I professionisti della genetica possono aiutare le persone a comprendere queste possibilità e prendere decisioni informate sulla propria salute. Ecco perché è importante essere informati sulla storia medica della tua famiglia, che tu sia un malato o semplicemente un portatore.

Cosa fare

Fintanto che stai dicendo al tuo medico la verità quando ti chiedono della tua storia medica familiare, allora stai certo che sei in buone mani. Tuttavia, se vuoi un'idea un po 'più concreta di quale tipo di impatto la tua genetica sta avendo sulla tua salute, allora ci sono alcuni ulteriori passi che puoi fare.

"A volte indicato come test genetico" diretto al consumatore ", il test genetico personale consente alle persone di imparare di più su se stesse attraverso il proprio DNA. Spesso i test genetici personali diretti al consumatore si basano su campioni di saliva o tamponi sulle guance per raccogliere una copia completa del DNA, il progetto per la vita."

In una situazione in cui qualcuno ha un forte legame familiare con una malattia, i medici di medicina generale raccomanderebbero di sottoporsi a screening genetico da parte del SSN.

Altre cause

Anche se tu o la tua famiglia avete una storia di determinate condizioni mediche, ciò non significa necessariamente che siano ereditate o che i vostri antenati siano a rischio. Mentre è naturale per i pazienti avere preoccupazioni su questi argomenti, la realtà è che potresti preoccuparti di nulla. I geni non sono tutti e finiscono tutte le condizioni mediche, come spiega la dott.ssa Ellie:

"È importante ricordare che se si sviluppa una condizione medica dipenderà da diversi fattori. Sebbene sia influenzato dai geni che erediti, dipende anche da fattori dello stile di vita, tra cui dieta, ambiente ed esercizio fisico. Ad esempio, la malattia coronarica può insorgere nelle famiglie, ma una dieta povera, il fumo e la mancanza di esercizio fisico possono anche aumentare il rischio di sviluppare la condizione. "

Con questo in mente, uno stile di vita sano ed equilibrato è l'arma migliore che hai contro la malattia, sia che sia ereditata o meno.

Prendersi cura della propria salute

Alla fine della giornata, la salute è personale. È senza dubbio un pensiero preoccupante che le tue future esperienze mediche possano essere già tracciate per te, ma il modo in cui gestisci queste possibilità è ancora nelle tue possibilità.

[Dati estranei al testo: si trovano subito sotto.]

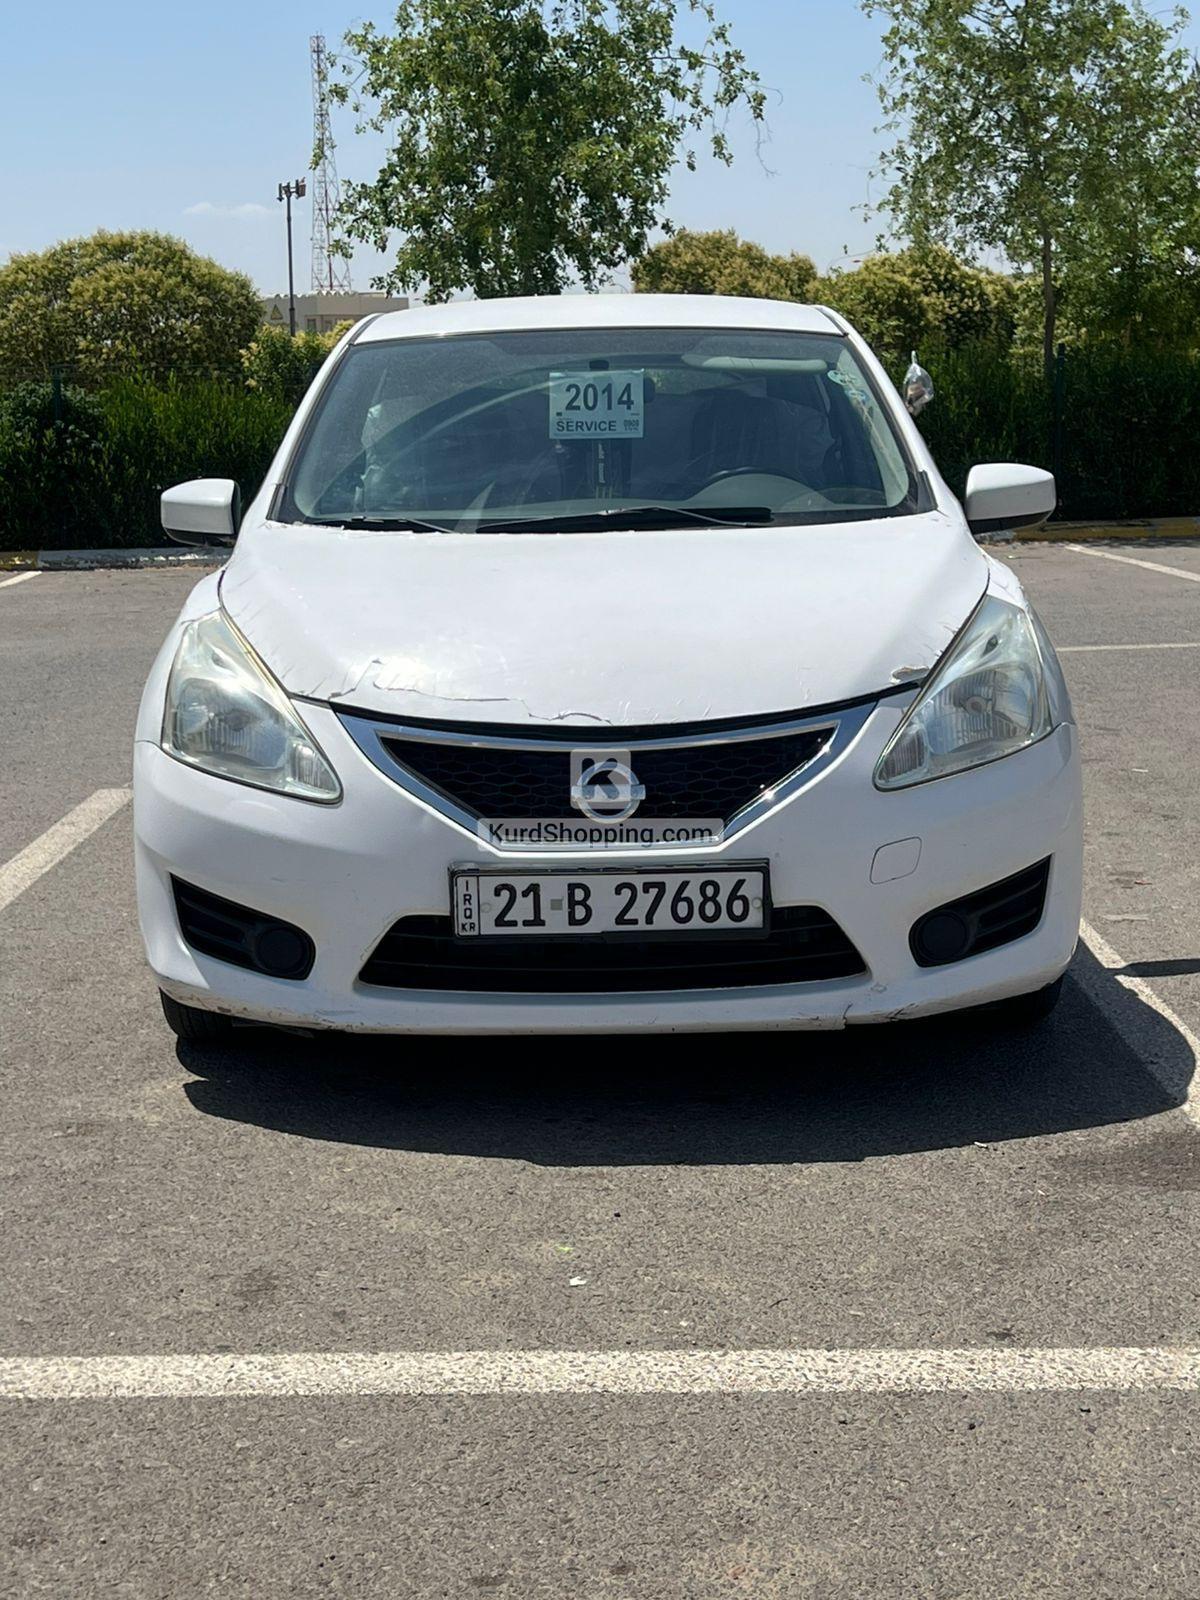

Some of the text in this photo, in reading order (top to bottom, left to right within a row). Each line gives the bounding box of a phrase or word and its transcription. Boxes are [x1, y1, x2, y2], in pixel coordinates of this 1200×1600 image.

[565, 382, 635, 411] 2014
[556, 420, 617, 432] SERVICE
[494, 878, 750, 927] 21 B 27686

"Comprendere il rischio di condizioni ereditabili mette le persone al centro delle proprie cure e consente loro di adottare misure di promozione della salute che potrebbero ridurre o prevenire lo sviluppo della salute condizioni. Ad esempio, se hai una storia familiare di diabete di tipo 2, è possibile ritardare o prevenire l'insorgenza prendendo parte a un'attività fisica regolare e mangiando in modo sano. "

Le informazioni genetiche sono anche la base per la medicina personalizzata e possono informare le conversazioni tra i medici e i loro pazienti. Dotati di informazioni sulla predisposizione genetica di un paziente a determinate malattie, i medici possono raccomandare misure preventive per le esigenze specifiche di ciascun paziente. Ad esempio, gli operatori sanitari possono raccomandare screening più frequenti per le persone ad aumentato rischio di alcuni tumori. La conoscenza è potere e la comprensione del rischio genetico può portare a una migliore preparazione, una migliore prevenzione e, se disponibile, un trattamento migliore.